The govt strategy on #Coronavirus is more refined than those used in other
countries and potentially very effective. But it is also riskier and based on
a number of assumptions. They need to be correct, and the measures they
introduce need to work when they are supposed to

This all assumes I'm correct in what I think the govt are doing and why. I
could be wrong - and wouldn't be surprised. But it looks to me like. . .

A UK starting assumption is that a high number of the population will
inevitably get infected whatever is done – up to 80%. As you can’t stop it, so
it is best to manage it.

There are limited health resources so the aim is to manage the flow of the
seriously ill to these.

The Italian model the aims to stop infection. The UKs wants infection BUT of
particular categories of people. The aim of the UK is to have as many lower
risk people infected as possible. Immune people cannot infect others; the more
there are the lower the risk of infection

That's herd immunity. Based on this idea, at the moment the govt wants people
to get infected, up until hospitals begin to reach capacity. At that they want
to reduce, but not stop infection rate. Ideally they balance it so the numbers
entering hospital = the number leaving.

That balance is the big risk.

All the time people are being treated, other mildly ill people are recovering
and the population grows a higher percent of immune people who can’t infect.
They can also return to work and keep things going normally - and go to the
pubs

The risk is being able to accurately manage infection flow relative to health
case resources. Data on infection rates needs to be accurate, the measures
they introduce need to work and at the time they want them to and to the
degree they want, or the system is overwhelmed.

Schools: Kids generally won’t get very ill, so the govt can use them as a tool
to infect others when you want to increase infection. When you need to slow
infection, that tap can be turned off – at that point they close the schools.
Politically risky for them to say this.

The same for large scale events - stop them when you want to slow infection
rates; turn another tap off. This means schools etc are closed for a shorter
period and disruption generally is therefore for a shorter period, AND with a
growing immune population. This is sustainable

After a while most of the population is immune, the seriously ill have all
received treatment and the country is resistant. The more vulnerable are then
less at risk. This is the end state the govt is aiming for and could achieve.

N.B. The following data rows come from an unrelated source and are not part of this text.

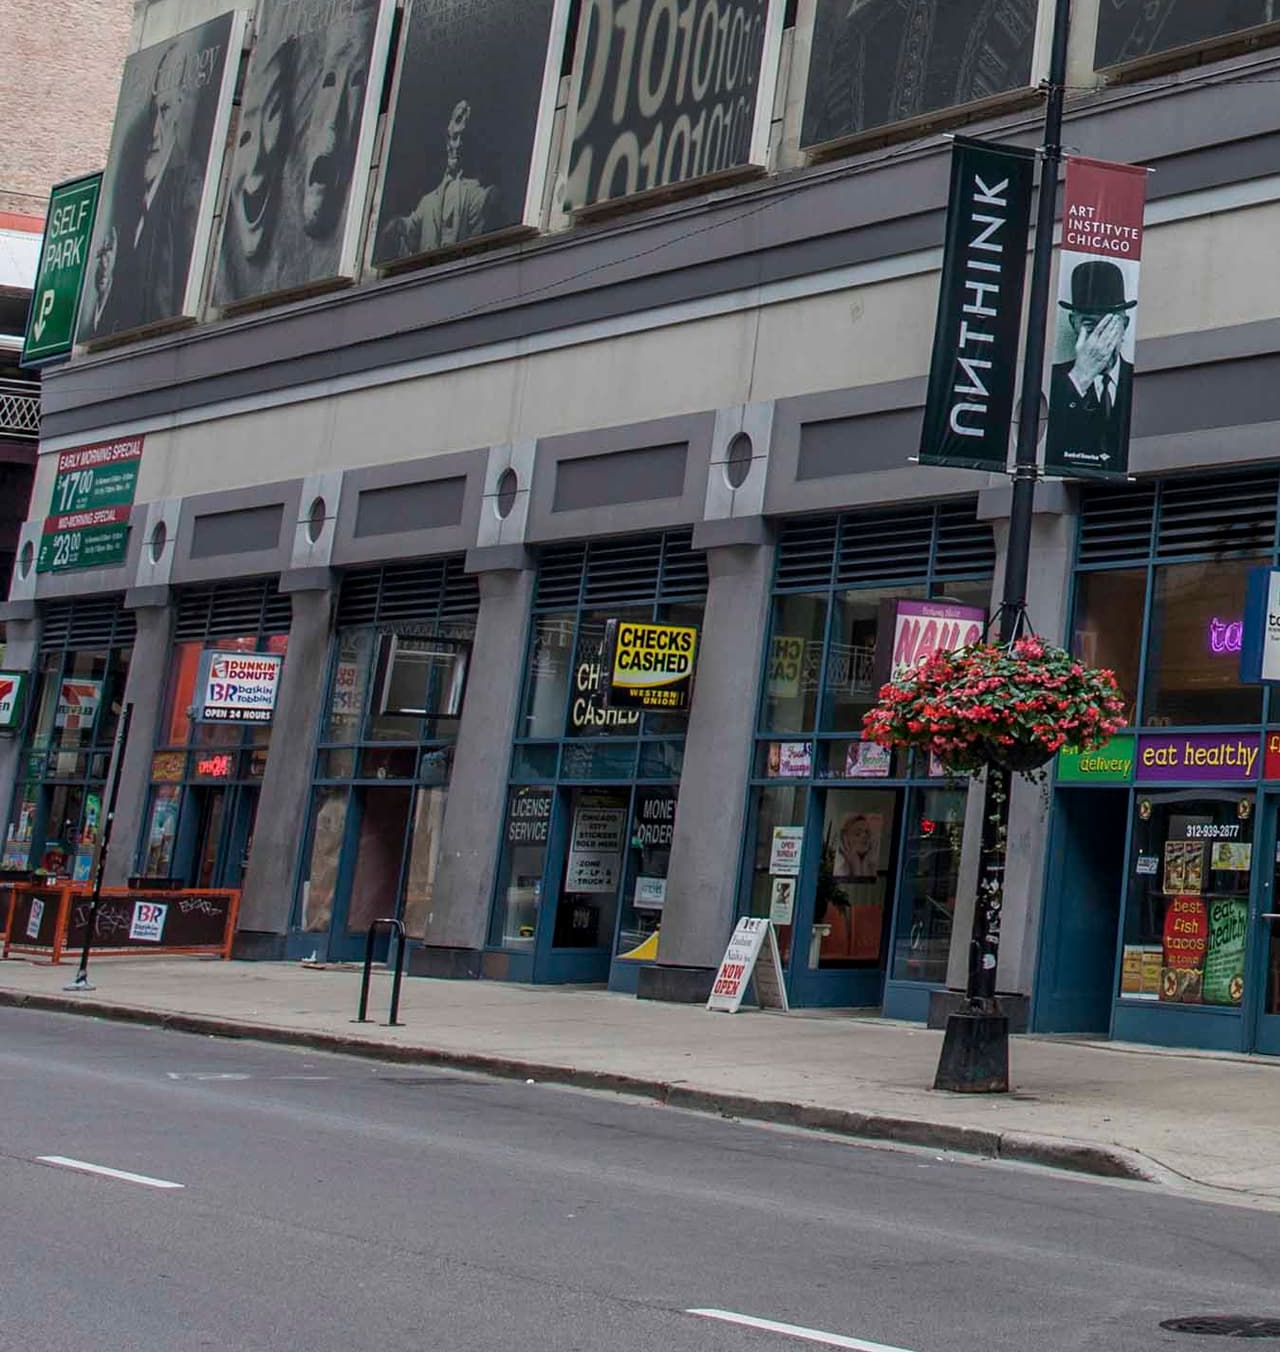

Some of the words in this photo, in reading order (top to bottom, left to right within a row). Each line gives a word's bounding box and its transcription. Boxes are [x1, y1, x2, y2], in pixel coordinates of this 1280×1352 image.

[51, 200, 90, 238] SELF
[1069, 204, 1095, 218] ART
[1068, 218, 1138, 240] INSTITVTE
[1067, 233, 1130, 252] CHICAGO
[44, 235, 85, 273] PARK
[60, 454, 81, 471] EARLY
[80, 446, 112, 468] MORNING
[112, 440, 141, 461] SPECIAL
[620, 628, 691, 652] CHECKS
[1210, 617, 1244, 652] ta
[230, 661, 279, 672] DUNKIN'
[618, 651, 688, 673] CASHED
[229, 670, 275, 681] DONUTS
[210, 683, 237, 702] BR
[237, 694, 272, 704] robbins
[238, 684, 273, 695] baskin
[630, 689, 677, 698] WESTERN
[643, 697, 676, 706] UNION
[205, 710, 227, 719] OPEN
[230, 710, 241, 719] 24
[242, 710, 271, 720] HOURS
[1080, 756, 1131, 777] delivery
[1143, 743, 1178, 766] eat
[1184, 741, 1258, 776] healthy
[511, 798, 550, 817] LICENSE
[643, 799, 678, 819] MONE
[509, 822, 547, 841] SERVICE
[637, 824, 674, 844] ORDER
[138, 905, 163, 924] BR
[1174, 899, 1203, 914] best
[1213, 900, 1235, 922] eat
[1174, 918, 1199, 934] fish
[1209, 910, 1248, 950] healthy
[1167, 936, 1205, 950] tacos
[720, 963, 745, 979] NOW
[714, 979, 740, 996] OPEN

BUT a key issue during this process is protection of those for whom the virus
is fatal. It's not clear the full measures there are to protect those people.
It assumes they can measure infection, that their behavioural expectations are
met - people do what they think they will

The Italian (and others) strategy is to stop as much infection as possible -
or all infection. This is appealing, but then what? The restrictions are not
sustainable for months. So the will need to be relaxed. But that will lead to
reemergence of infections.

Then rates will then start to climb again. So they will have to reintroduce
the restrictions each time infection rates rise. That is not a sustainable
model and takes much longer to achieve the goal of a largely immune population
with low risk of infection of the vulnerable

As the government tries to achieve equilibrium between hospitalisations and
infections, more interventions will appear. It's perhaps why there are at the
moment few public information films on staying at home. They are treading a
tight path, but possibly a sensible one.

This is probably the best strategy, but they should explain it more clearly.
It relies on a lot of assumptions, so it would be good to know what they are -
especially behavioural. Most encouraging, it's way too clever for
#BorisJohnson to have had any role in developing.